• [EXERCISE]: Word for word, print out all of the data, omitting every image.

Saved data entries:
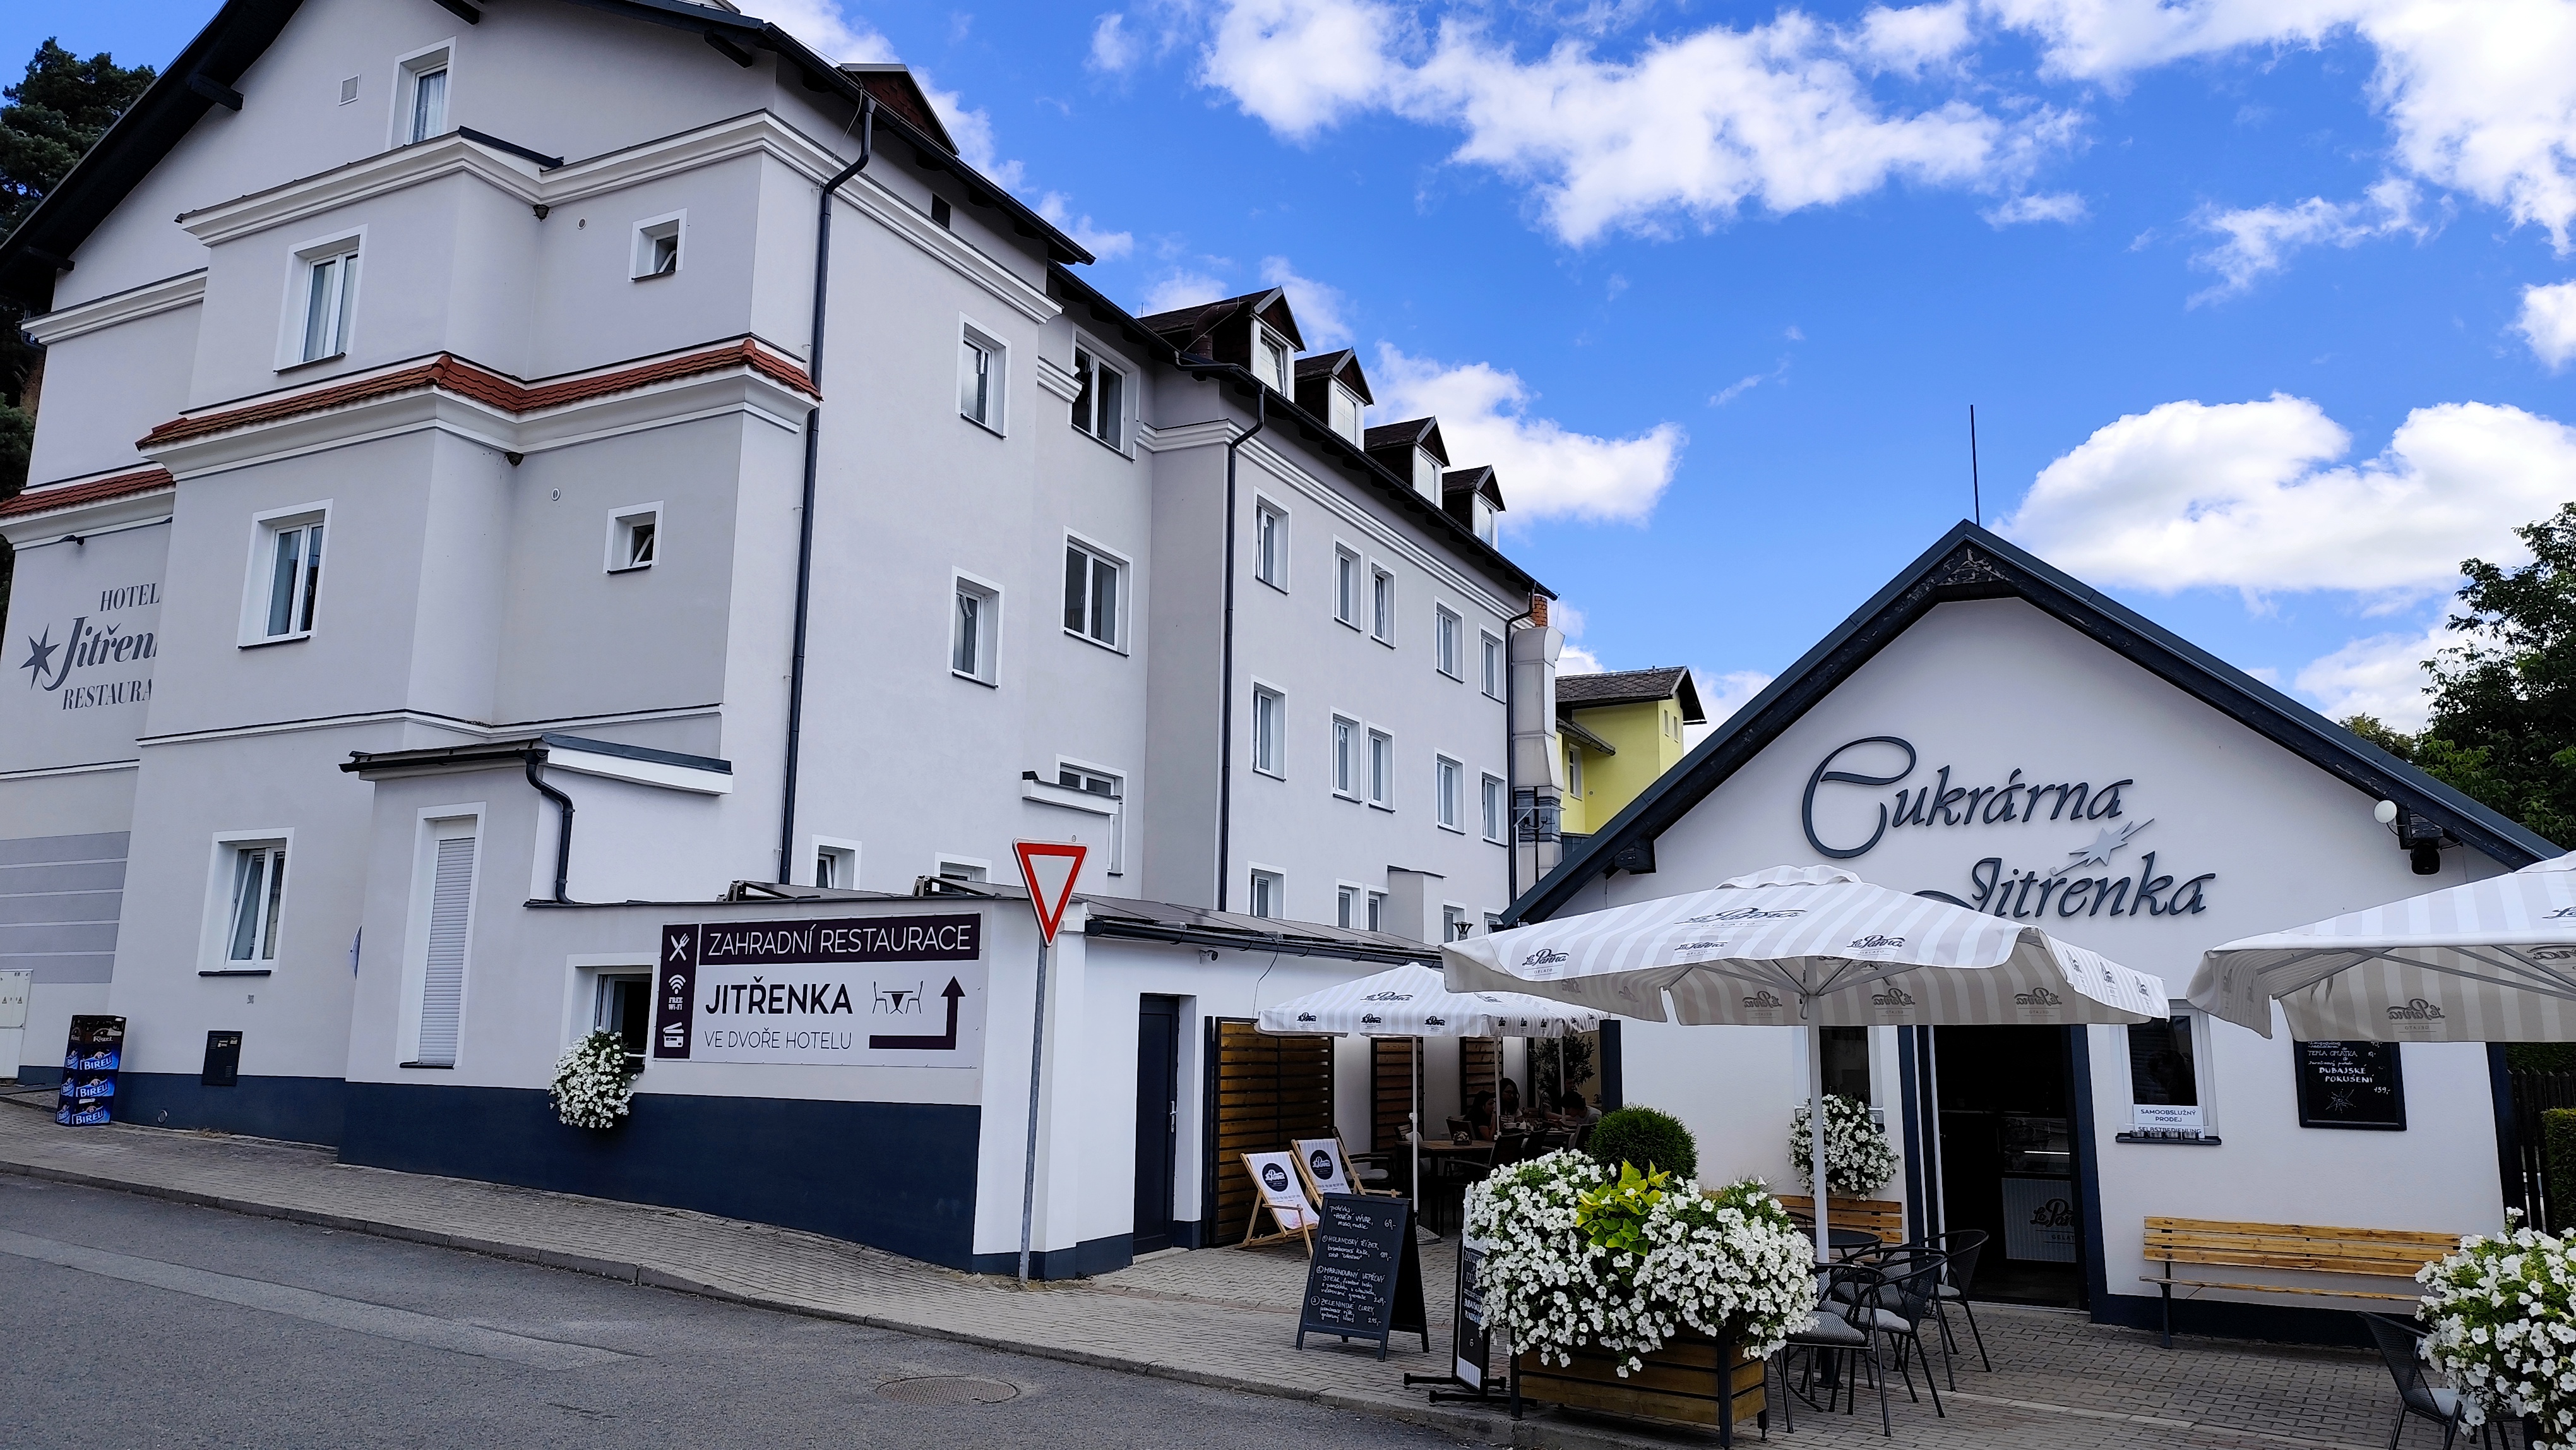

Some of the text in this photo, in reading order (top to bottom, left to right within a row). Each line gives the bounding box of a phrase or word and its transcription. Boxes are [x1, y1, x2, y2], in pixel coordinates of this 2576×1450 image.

[100, 582, 160, 611] HOTEL
[41, 616, 158, 692] Jitřen
[1801, 736, 2133, 858] Cukrárna
[708, 923, 972, 956] ZAHRADNÍ RESTAURACE
[1846, 935, 1905, 949] La Panna
[1522, 949, 1570, 966] La Panna
[705, 976, 854, 1016] JITŘENKA
[704, 1028, 852, 1050] VE DVOŘE HOTELU
[2319, 1064, 2367, 1074] DUBAJSKÉ
[2325, 1074, 2375, 1083] POKUŠENÍ

• [ANSWER SPACE]:
Some of the text in this photo, in reading order (top to bottom, left to right within a row). Each line gives the bounding box of a phrase or word and its transcription. Boxes are [x1, y1, x2, y2], in pixel coordinates of this 2576×1450 image.

[100, 582, 160, 611] HOTEL
[41, 616, 158, 692] Jitřen
[1801, 736, 2133, 858] Cukrárna
[708, 923, 972, 956] ZAHRADNÍ RESTAURACE
[1846, 935, 1905, 949] La Panna
[1522, 949, 1570, 966] La Panna
[705, 976, 854, 1016] JITŘENKA
[704, 1028, 852, 1050] VE DVOŘE HOTELU
[2319, 1064, 2367, 1074] DUBAJSKÉ
[2325, 1074, 2375, 1083] POKUŠENÍ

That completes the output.